Use HTML Tidy on a string

2004-06-02 00:00

This function can be used to make HTML contained in a string standards compliant. You will need a copy of HTML Tidy running on your server. Your PHP configuration must also allow you to execute code and you will need a directory that PHP can create temporary files into.

I wrote this function for one of the projects that involved importing HTML content into one monstrous CMS.

An example HTML Tidy configuration file that outputs indented XHTML is below the source code.

<?php

// Global variables.
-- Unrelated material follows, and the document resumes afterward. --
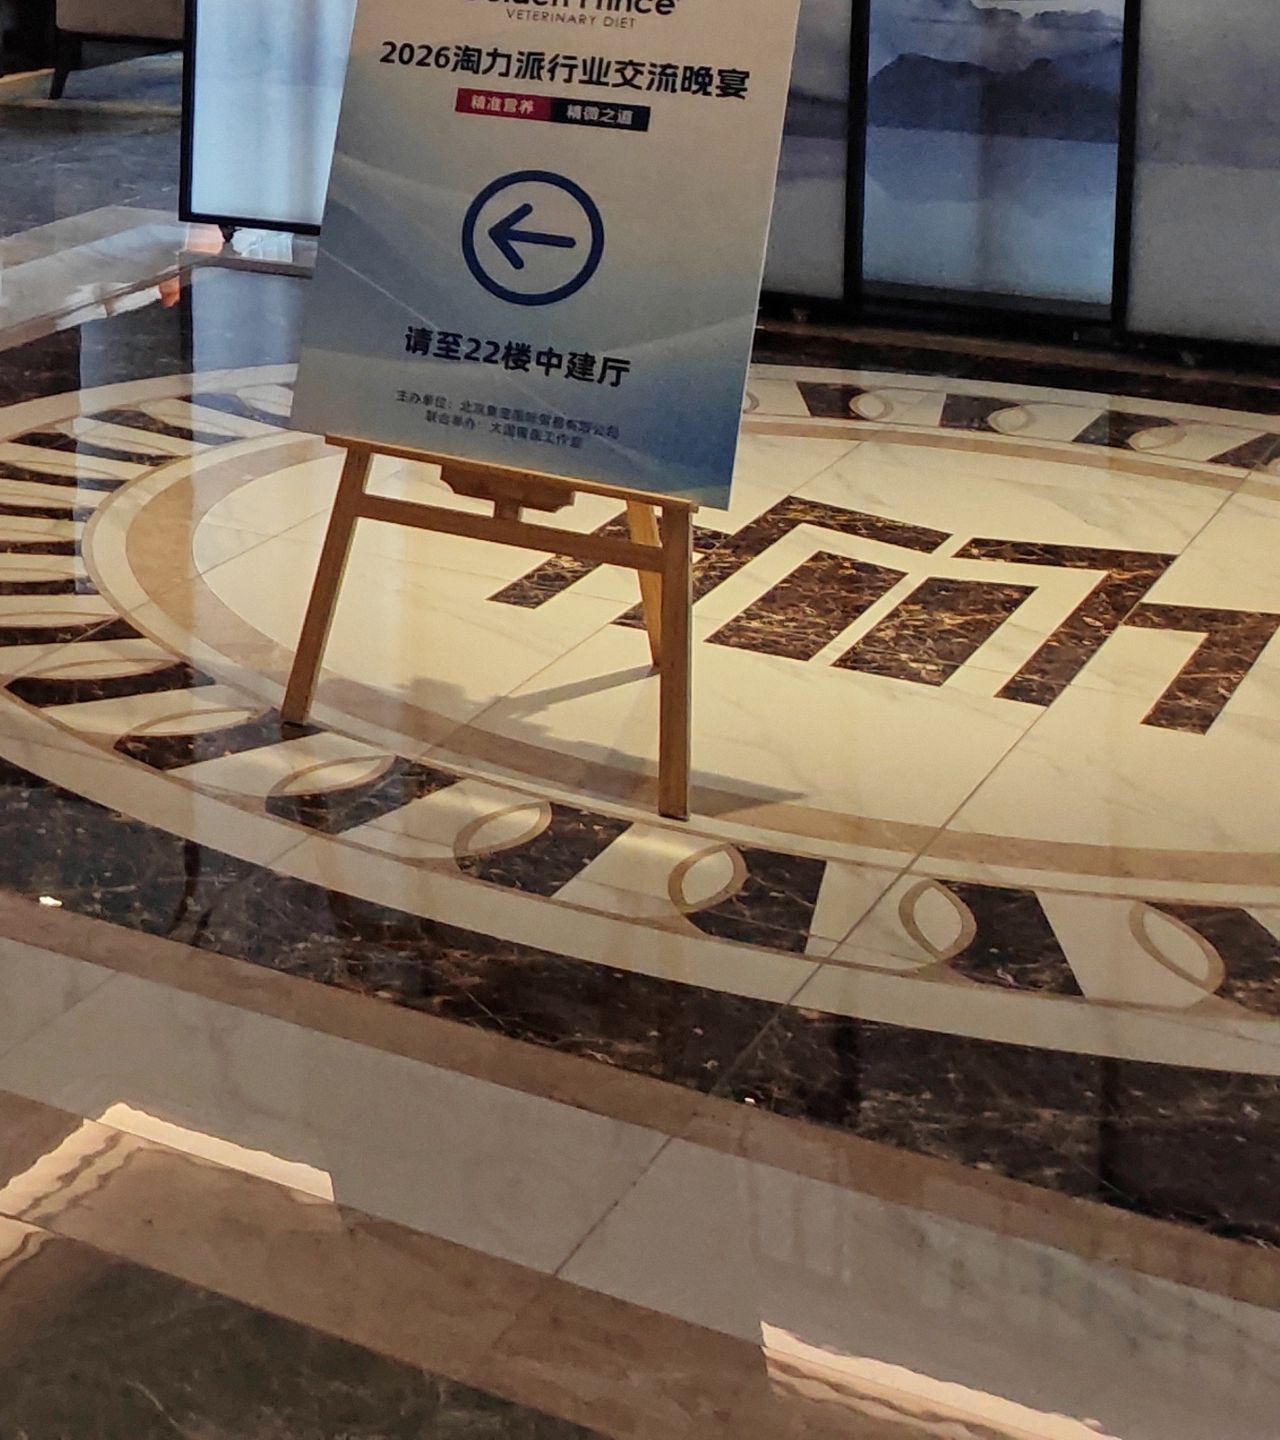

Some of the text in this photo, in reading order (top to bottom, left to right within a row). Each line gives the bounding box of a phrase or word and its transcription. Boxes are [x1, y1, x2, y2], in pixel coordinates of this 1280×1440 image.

Feel free to rename them both here and in the function
// to better suit your framework.
global $TMP_DIR, $TIDY_CMD;


/**
 * Directory with write access
 * @var string $TEMP_DIR
 */
$TEMP_DIR = ‘c:/temp/’; 


/**
 * Path to HTML Tidy executable.
 * Note that “default.tidy” config file should be in the same directory
 * as the executable or should be written with a full path.
 * You can also manually write configuration options.
 *
 * @var string $TIDY_CMD
 */
$TIDY_CMD = ‘c:/tools/tidy/tidy.exe -config default.tidy’;

/**
 * Uses HTML Tidy on input from string
 *
 * @function tidyString
 * @return string Tidied-up HTML
 * @param string $string Original HTML
 * @param optional boolean $strip_body Should the function output
 *  just the body part (TRUE, default), or full HTML (FALSE)  
 * @use $TEMP_DIR  
 * @use $TIDY_CMD
 */
function tidyString($string, $strip_body = TRUE)
{
    global $TEMP_DIR, $TIDY_CMD;
    
    $tmp_file_name = $TEMP_DIR.md5(uniqid(rand(),1));
    
    // Save string to file
    $fp = fopen($tmp_file_name.‘.in’, ‘wb’);
    fwrite($fp,$string,strlen($string));
    fclose($fp);
    
    // Execute Tidy on file
    passthru($TIDY_CMD.‘ -o ‘.$tmp_file_name.‘.out ‘.$tmp_file_name.‘.in’);
    
    // Read output from XML file
    $fp = fopen($tmp_file_name.‘.out’, ‘rb’);
    $string = fread($fp, filesize($tmp_file_name.‘.out’));
    fclose($fp);
    
    // Delete temp files
    unlink($tmp_file_name.‘.in’);
    unlink($tmp_file_name.‘.out’);
    
    // If needed strip body tags:
    if ($strip_body)
    {
        preg_match(‘/<body>(.*)<\/body>/s’, $string, $temp);
        $string = $temp[1];
    }

    // Return clean output:
    return $string;
}

?>

Example default.tidy config file I used to force indented XHTML output (you can find more configuration options in the HTML Tidy Quick Reference):

indent-spaces: 1
wrap: 700
doctype: transitional
indent: yes
output-xml: yes
output-xhtml: yes
numeric-entities: yes
wrap-sections: no
wrap-asp: no
wrap-jste: no
wrap-php: no
assume-xml-procins: yes
tidy-mark: no
force-output: yes